Dommage, car l’idée d’un monde en marche avant opposé à certains objets en sens inverse est ludique. C’est avec un plaisir malicieux qu’on s’émerveille devant un processus qui a un certain côté jouissif dans sa mise en pratique. On ne s’ennuie pas devant un film ponctué par des scènes d’action visuellement délirantes et qui plus est servi par une très bonne photo et une musique séduisante.

Mais on ne peut pas vivre simplement sur un concept, d’autant plus que pour nous le faire assimiler, Christopher Nolan va être d’une prétention totale. Le réalisateur se gargarise de son scénario pourtant franchement simpliste, proche d’un James Bond. Là encore, on s’interroge: qu’est-il arrivé à celui qui réunissait grand public et purs cinéphiles pour qu’il nous serve cette bouillie métaphysique? “Tenet” est un film lourdingue, même pour nous les Réfracteurs qui aimons les bonnes grosses prises de tête. C’est tout simplement que le long-métrage se croit plus intelligent qu’il ne l’est réellement.

Le réalisateur ne va pas trouver de second souffle dans un découpage qui trahit plusieurs rebondissements. Les préparations ne sont pas toujours bonnes et de nombreuses fois on devine immédiatement une surprise sensée n’intervenir que plusieurs longues minutes plus tard. Là aussi, c’est une certaine forme de prétention qu’on a ressenti, comme si le maître du film cherchait à nous piéger sans y parvenir. De quoi avoir l’impression désagréable que Nolan nous prend pour des jambons.

Sentiment conforté par un antagoniste principal et sa compagne franchement à la limite de l’amateurisme. Ce “vilain” est écrit avec une légèreté qui bousille toute tension dramatique: grossièrement délimité, il n’occupe jamais pleinement la place qui est la sienne et sert plutôt d’échappatoire quand le scénario s’enferme dans une impasse.
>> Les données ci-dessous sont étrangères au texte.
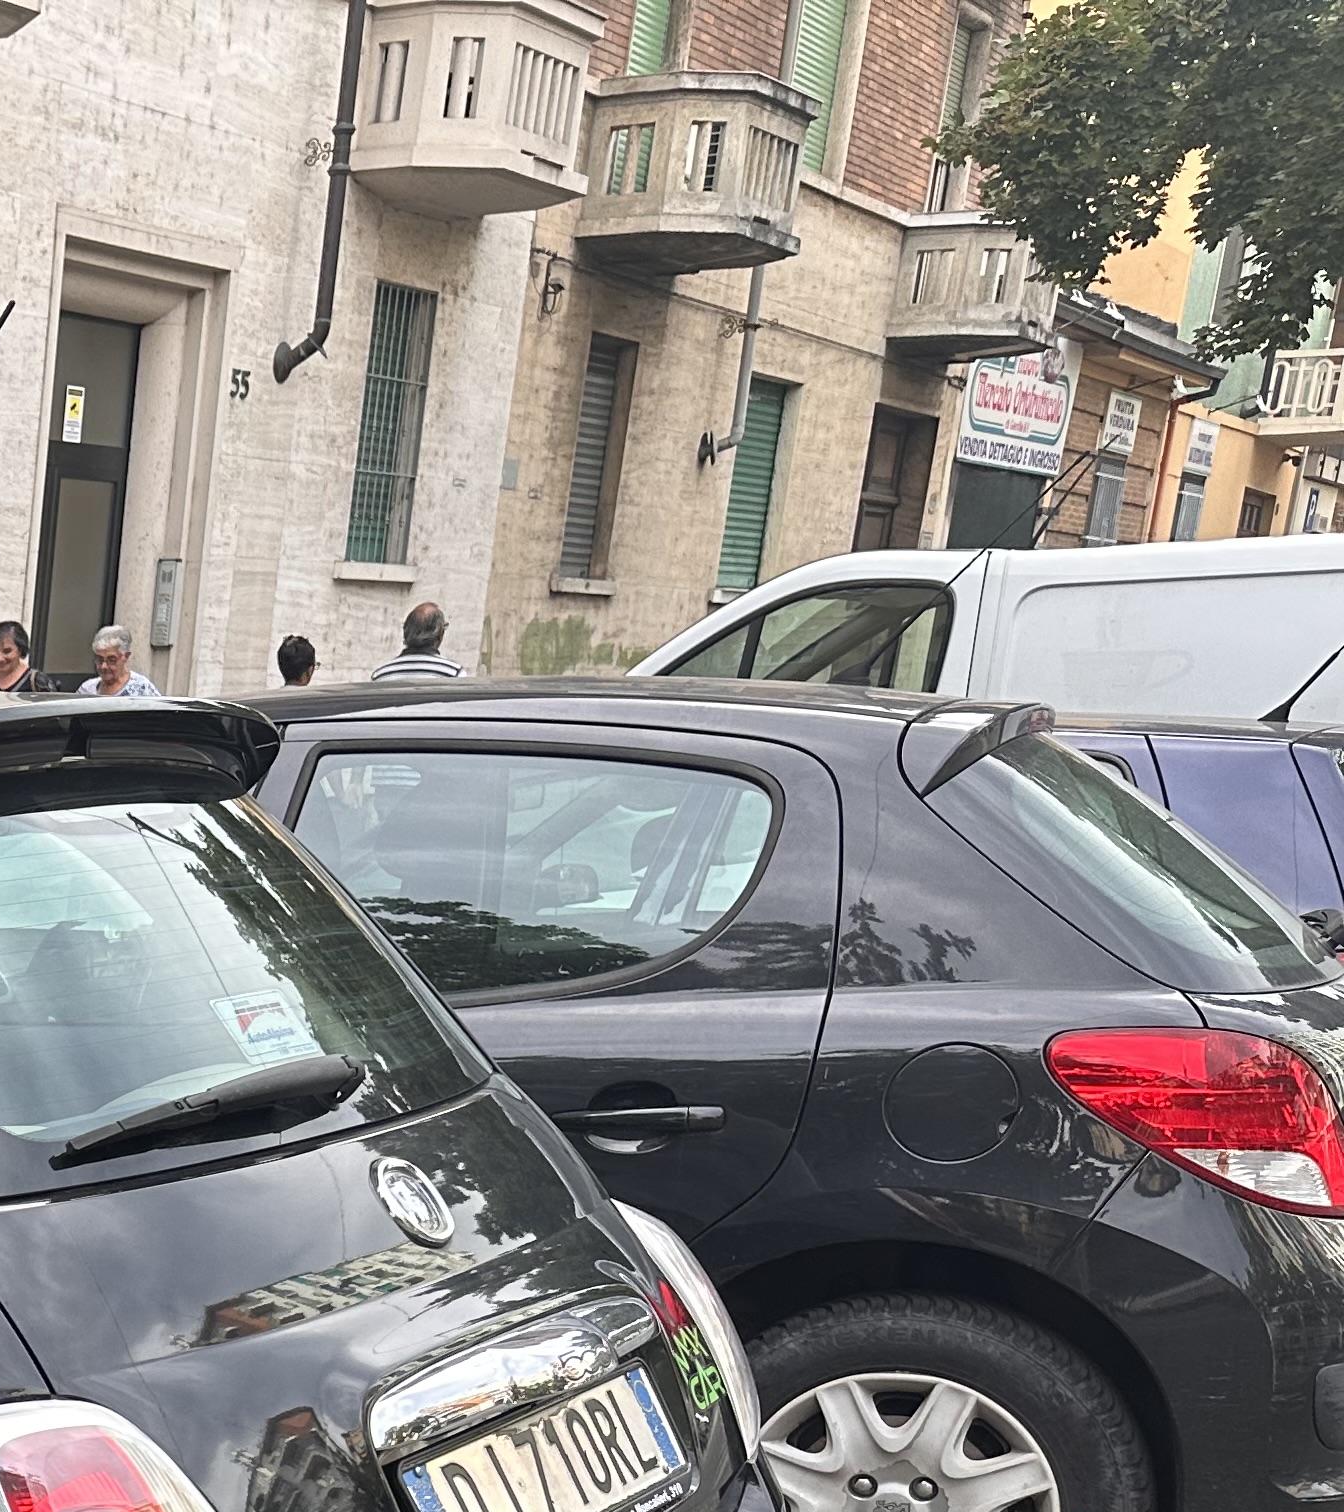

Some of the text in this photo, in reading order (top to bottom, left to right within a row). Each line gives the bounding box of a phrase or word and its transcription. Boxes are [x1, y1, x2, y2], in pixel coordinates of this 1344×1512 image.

[229, 367, 251, 400] 55
[1114, 398, 1135, 416] FRUTTA
[1109, 413, 1135, 432] VERDURA
[959, 435, 1061, 472] VENDITA DETTAGLIO E INGROSSO
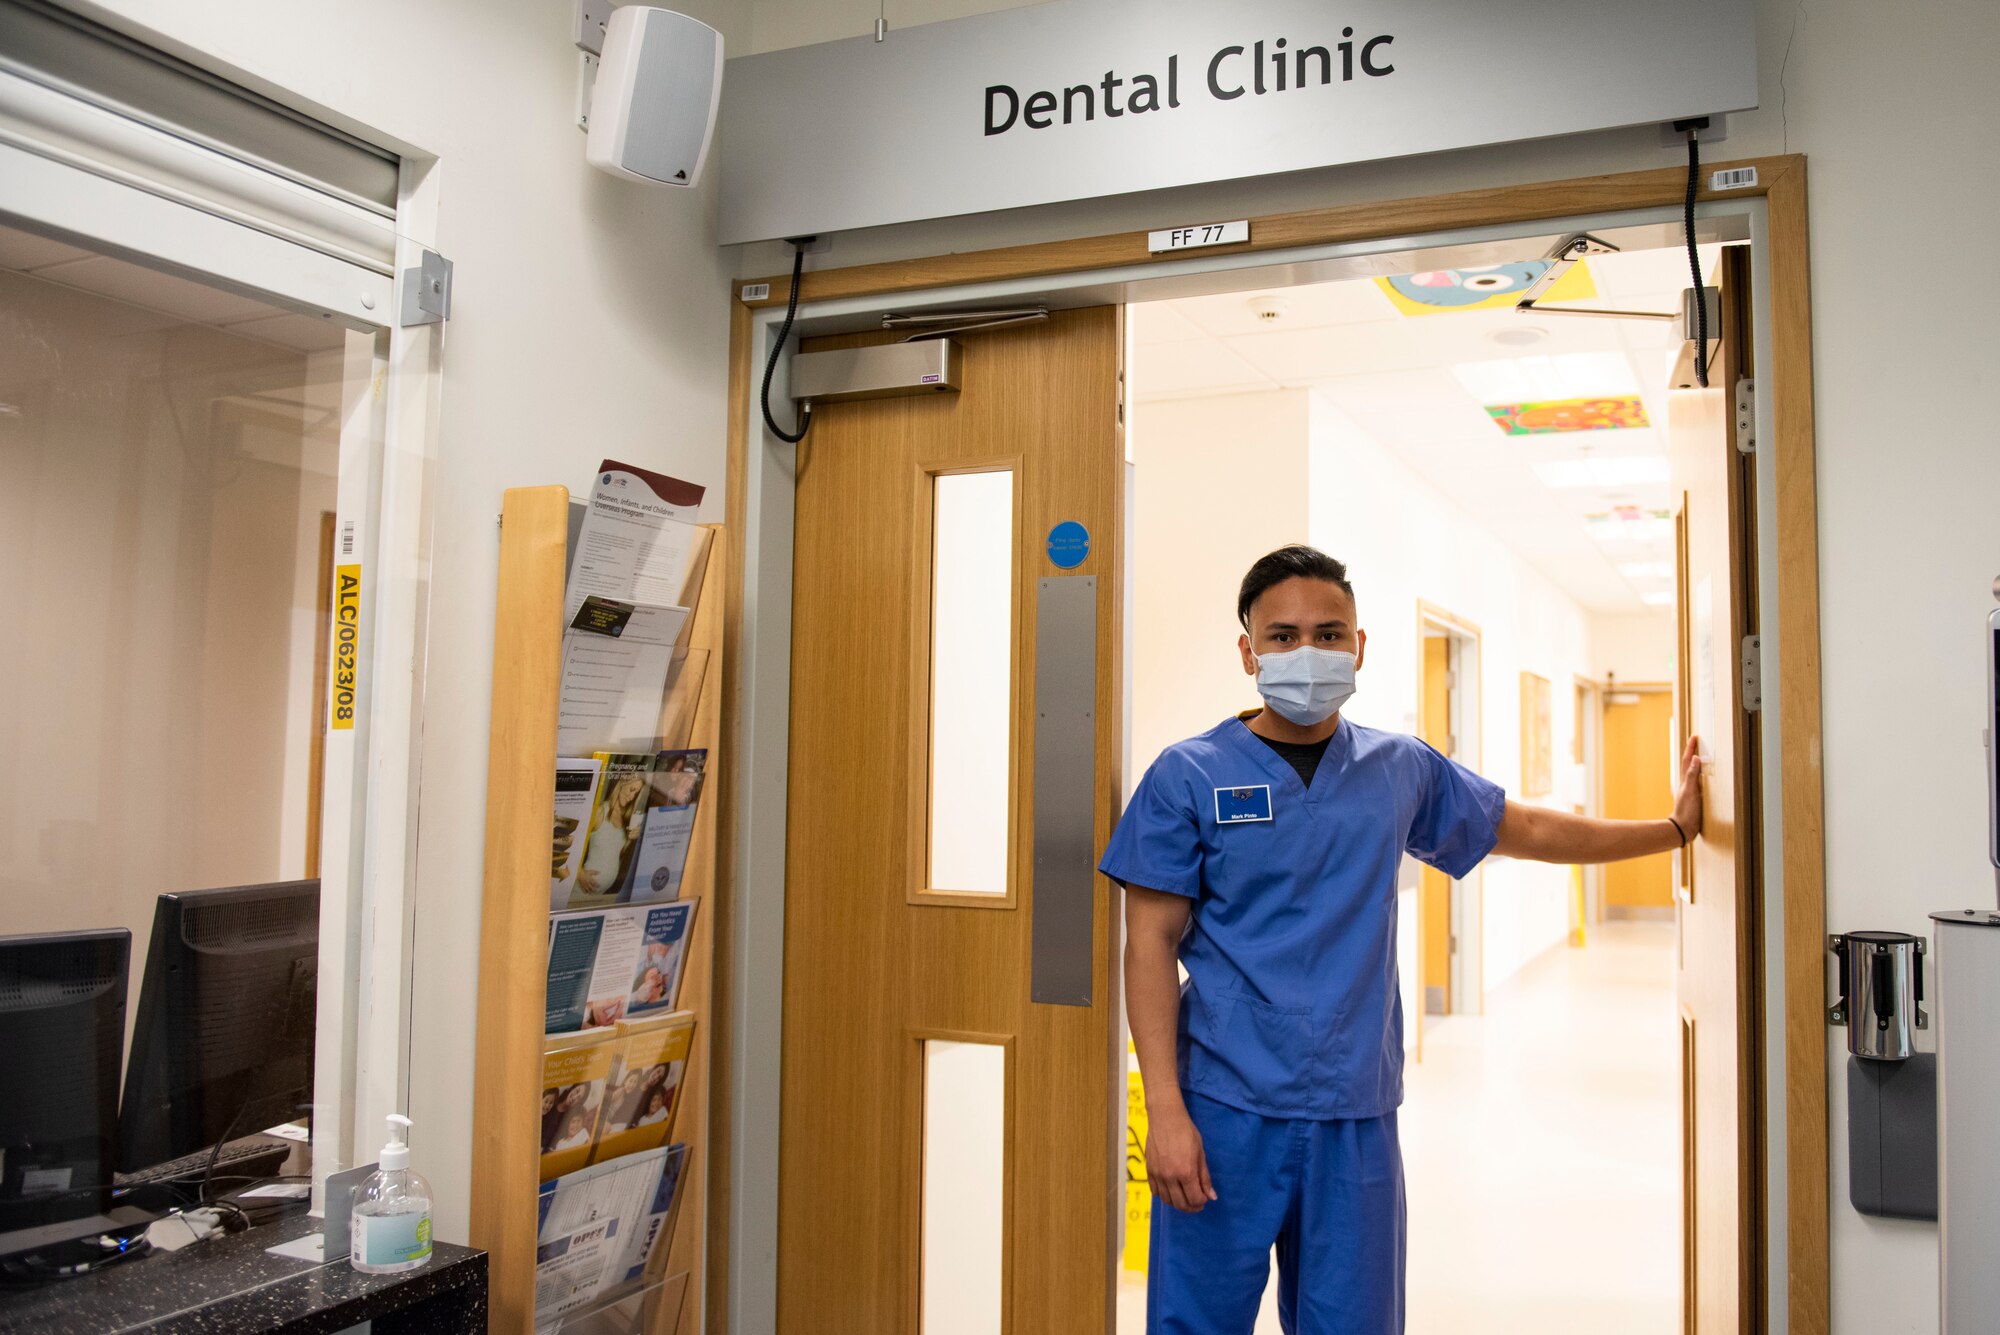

L’interprétation de Kenneth Branagh est mauvaise, disons-le clairement, et on se rappelle que la direction d’acteurs n’a jamais été le fort de Nolan.

Pourtant, en face, le duo John David Washington / Robert Pattinson fonctionne lui particulièrement bien. Le premier, propulsé dans cette spirale SF, en impose alors que le second campe un sidekick plein de charisme. Sur ce côté, le film reste inattaquable et on éprouve des remords à ne pas voir ce tandem mieux servi par un scénario indigeste.

Tenet” apparaît comme un acte manqué, un film qui aurait pu être bien meilleur si la méthode avait été plus précise dans l’exécution.